Y mis pensamientos seguían a mi amigo en aquel viaje suyo de que, despreocupado, con un humor agrio, me contó. Los mares azules, e islas lejanas, que no conozco, las plantas enrojecidas y corales, venían a mis pensamientos continuamente. 

Al final, la placidez, la placidez del alba, lentamente penetraba en mí. Todo lo que mi amigo comentó, y él mismo, agachado, con un capote viejo, se quedó impregnado para siempre en mi cabeza. De repente recordaba, yo también, a las ciudades, y la gente, que yo había visto, regresando de la guerra. Por primera vez observé un gran cambio en el mundo. 

Al otro lado del túnel nos esperaba otro tren. Aunque ya amanecía en el horizonte, en el tren de nuevo reinaba la total oscuridad. Cansado, volví a sentarme en un rincón sombrío, solo, muy solo. 
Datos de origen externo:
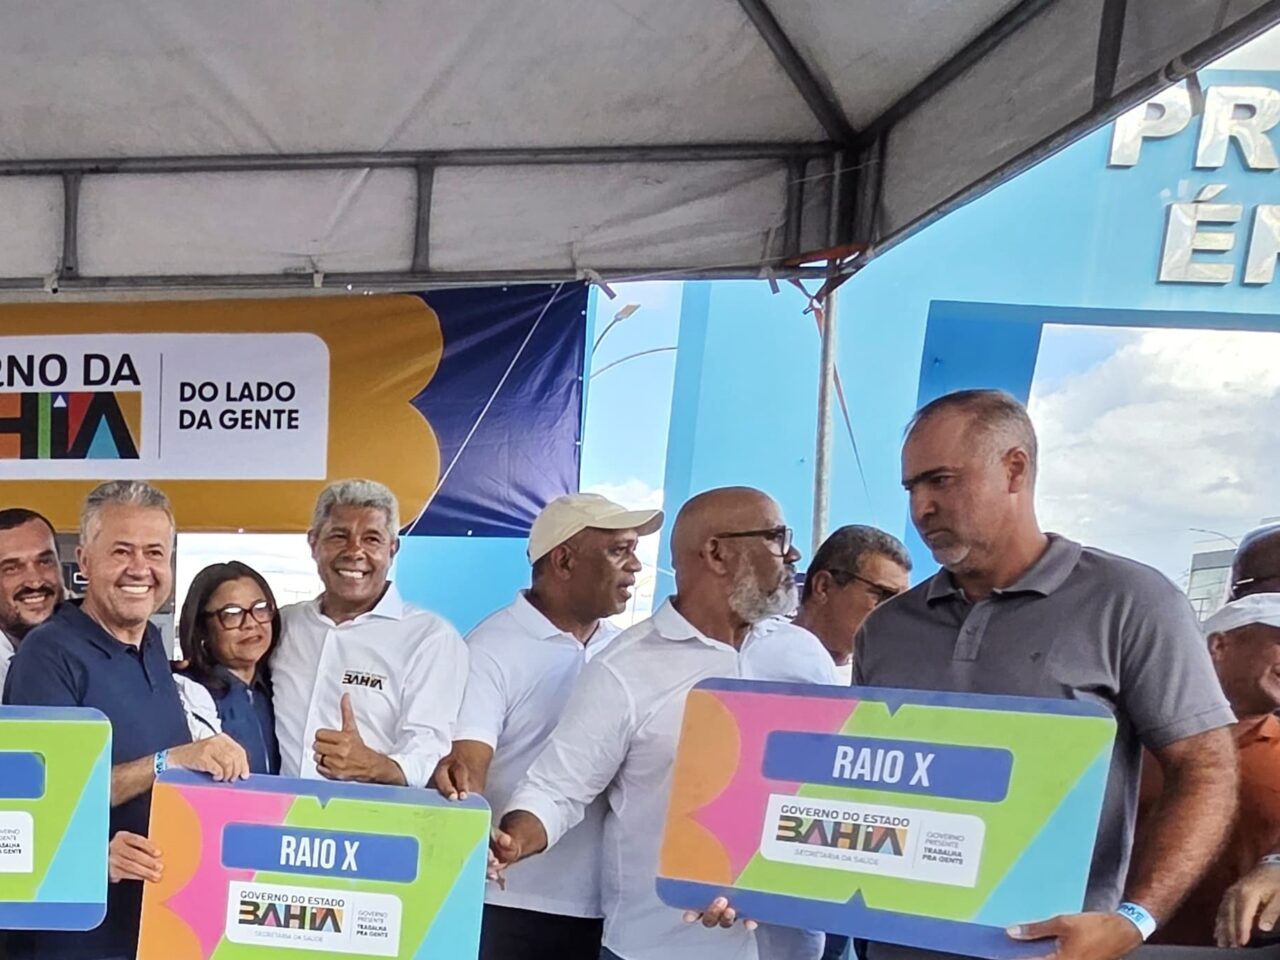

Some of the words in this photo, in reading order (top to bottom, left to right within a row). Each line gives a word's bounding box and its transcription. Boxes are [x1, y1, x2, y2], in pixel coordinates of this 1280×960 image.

[82, 353, 141, 386] DA
[179, 382, 219, 402] DO
[225, 381, 296, 402] LADO
[179, 409, 213, 430] DA
[218, 408, 300, 430] GENTE
[832, 746, 904, 783] RAIO
[909, 751, 935, 787] X
[781, 804, 839, 820] GOVERNO
[843, 811, 860, 822] DO
[863, 814, 910, 827] ESTADO
[775, 815, 908, 857] BAHIA
[280, 836, 336, 870] RAIO
[342, 841, 360, 871] X
[240, 890, 288, 903] GOVERNO
[291, 895, 305, 904] DO
[308, 897, 344, 908] ESTADO
[238, 900, 343, 933] BAHIA
Muchas veces repetí para mis adentros: ”Sumatra, Sumatra”. 

Todo está enredado. Nos cambiaron. Recordé que antes vivíamos de 
otra manera. Y agaché la cabeza. 
El tren partió y traqueó. Me adormecía el pensar que ahora todo es tan extraño y la vida y esas distancias tan grandes en ella. 
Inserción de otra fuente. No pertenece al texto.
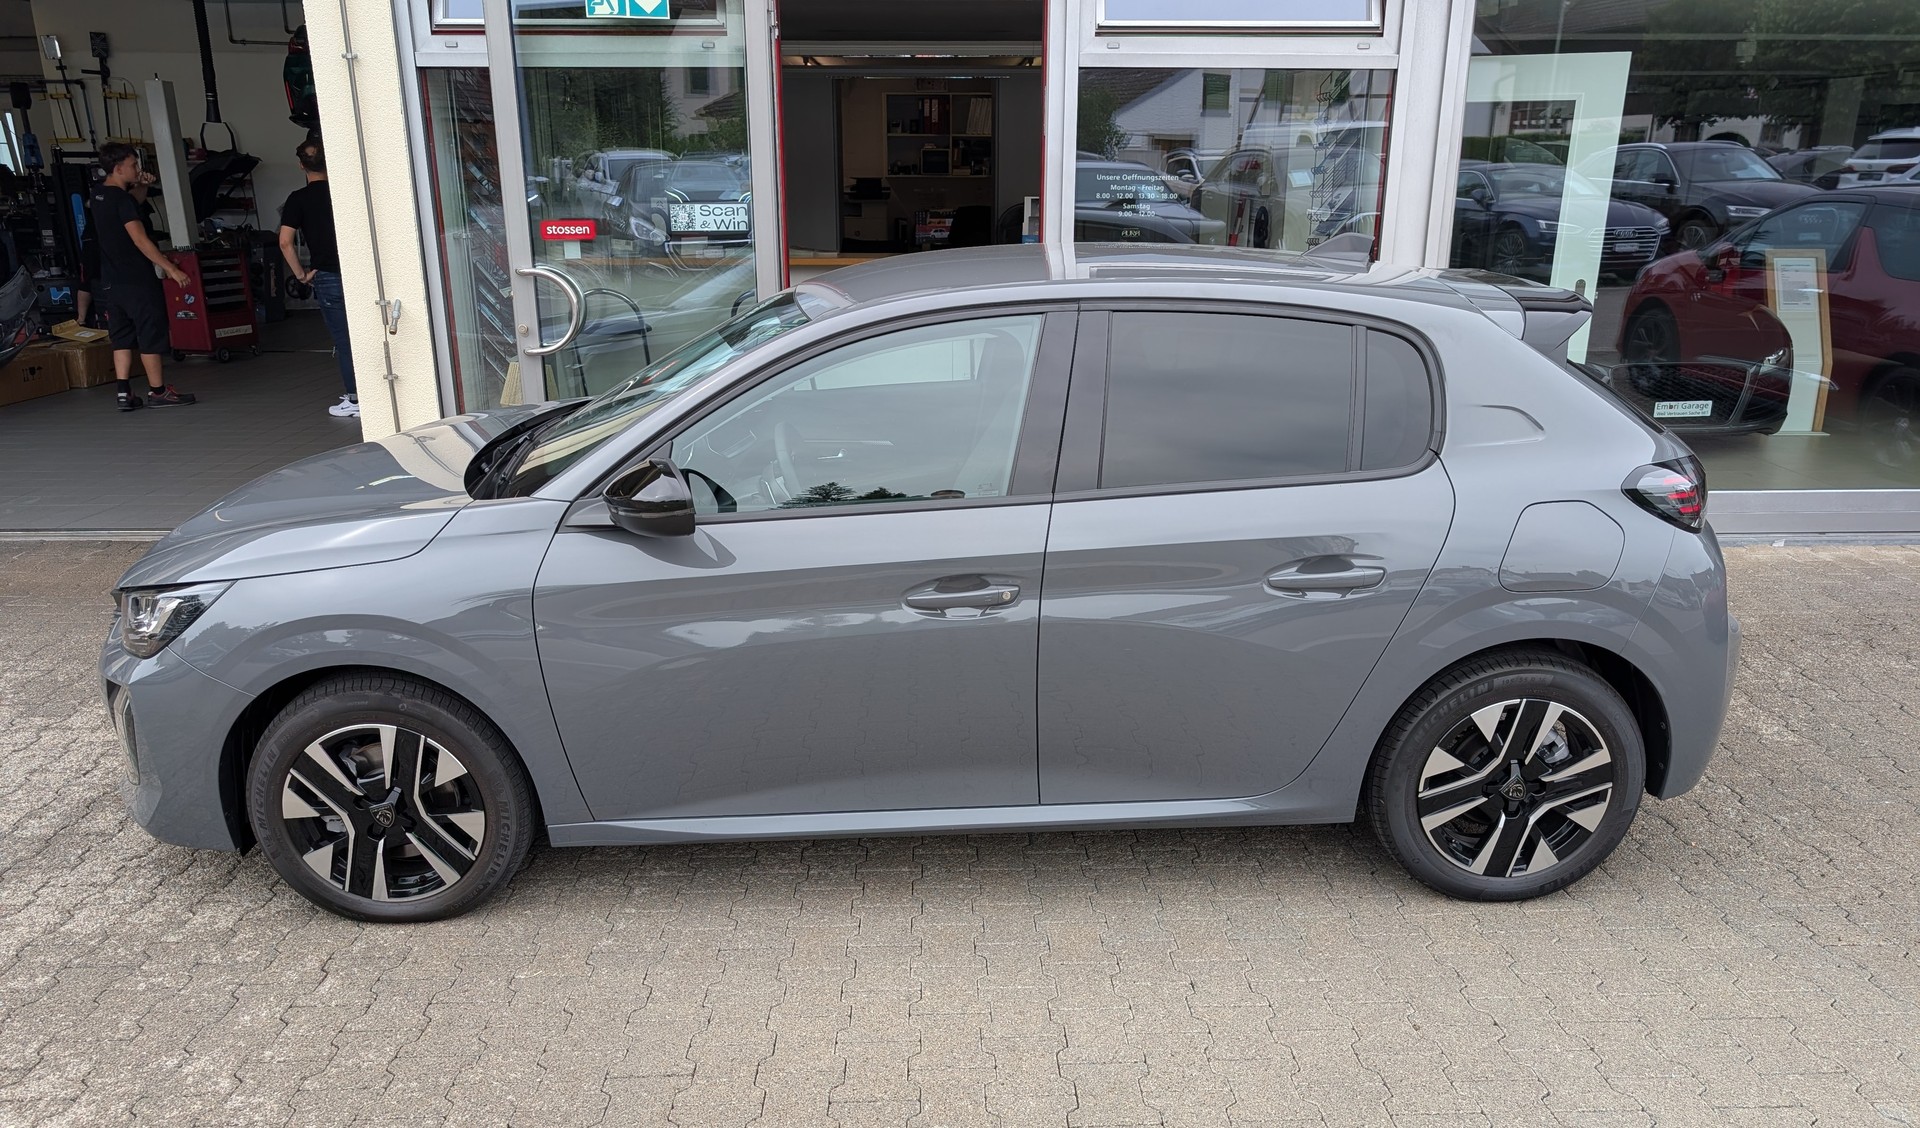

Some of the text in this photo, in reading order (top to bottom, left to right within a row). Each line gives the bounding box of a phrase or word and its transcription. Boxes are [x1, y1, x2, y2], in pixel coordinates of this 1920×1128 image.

[1122, 174, 1179, 182] Oeffnungszeiten
[1110, 184, 1136, 192] Montag
[1141, 184, 1165, 192] Freitag
[699, 204, 747, 217] Scan
[700, 217, 748, 230] & Win
[546, 225, 590, 235] stossen
[1681, 403, 1709, 411] Garage
[255, 748, 277, 831] MICHELIN
[489, 800, 511, 878] MICHELIN
¡Hasta dónde habrán llegado nuestras congojas y cuántas cosas habremos acariciado, en la tierra ajena, cansados! No solo yo y él, sino también tantos otros ¡Miles, millones! 
Pensé: ¿cómo me va a recibir mi patria? Las cerezas ahora ya están rojas y los pueblos ahora son alegres ¡Mira también los colores, allá hasta las estrellas, son iguales, los de las cerezas y los de los corales! Cuán todo está relacionado en el mundo. “Sumatra”- me dije de nuevo, irónicamente, a mí mismo. 

De repente, temblé, una inquietud dentro de mí, que no llegó ni hasta la conciencia, me despertó. Salí al pasillo, donde hacía frío. 
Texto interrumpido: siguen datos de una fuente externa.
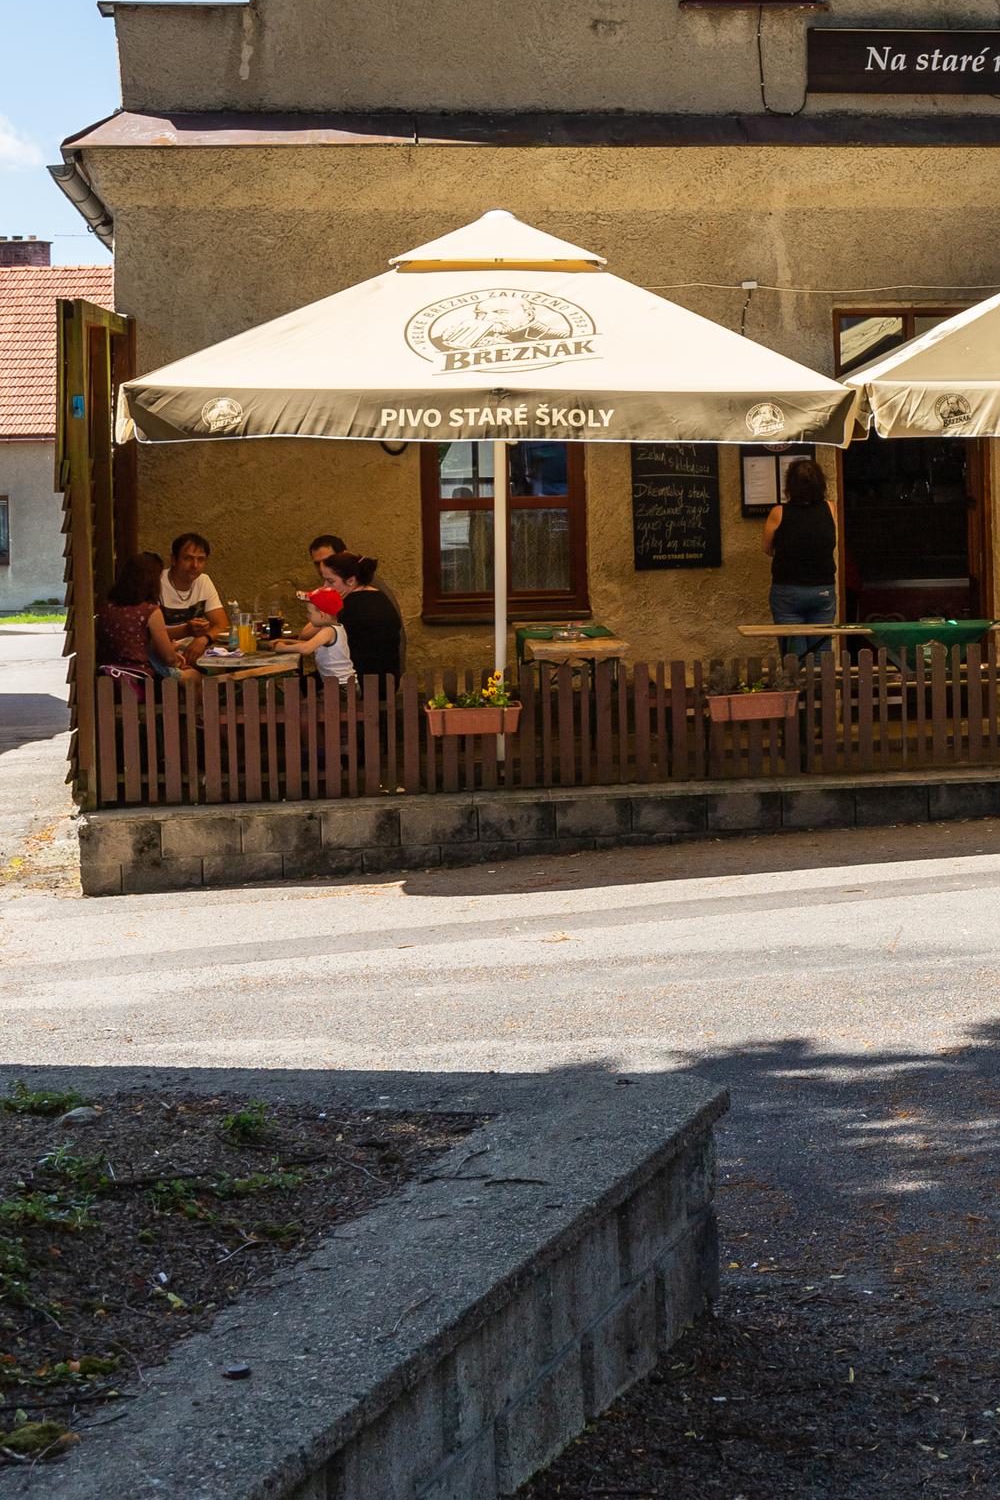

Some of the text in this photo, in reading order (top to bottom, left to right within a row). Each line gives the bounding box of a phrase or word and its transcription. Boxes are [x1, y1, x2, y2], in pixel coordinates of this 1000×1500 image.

Otra vez paramos en un pequeño bosque. Desde un vagón se oía el canto. En algún lugar lloró un niño. Pero me pareció oír todos esos tonos desde una lejanía indefinida. Me invadió el escalofrío matutino. 
Vi aún la luna, resplandeciente y me sonreí. Ella es la misma, igual en todas partes, porque es un cadáver. 
Aprecié toda nuestra impotencia, toda mi tristeza. “Sumatra”, susurré con cierta afectación. 
Sin embargo, en el alma, profundamente, aunque me negaba aceptarlo, yo sentía un amor inmenso hacía esos lejanos montes, colinas nevadas, aún ahí arriba hasta los gélidos mares. Hacia aquellas islas remotas, donde acaece aquello que quizá hayamos hecho nosotros. Perdí el miedo a la muerte. 

Cual una alucinación alocada, me levantaba a esas inmensurables nieblas del alba, para extender mi brazo y acariciar los Urales remotos, los mares índicos, hacia donde se fue la púrpura y de mi rostro. Para acariciar las islas, los amores, los enamorados, las siluetas pálidas. Toda esa maraña se convirtió en un sosiego inmenso y un consuelo perpetuo. 

Más tarde, en Novi Sad, en la habitación de un hotel, compuse de todo eso un poema.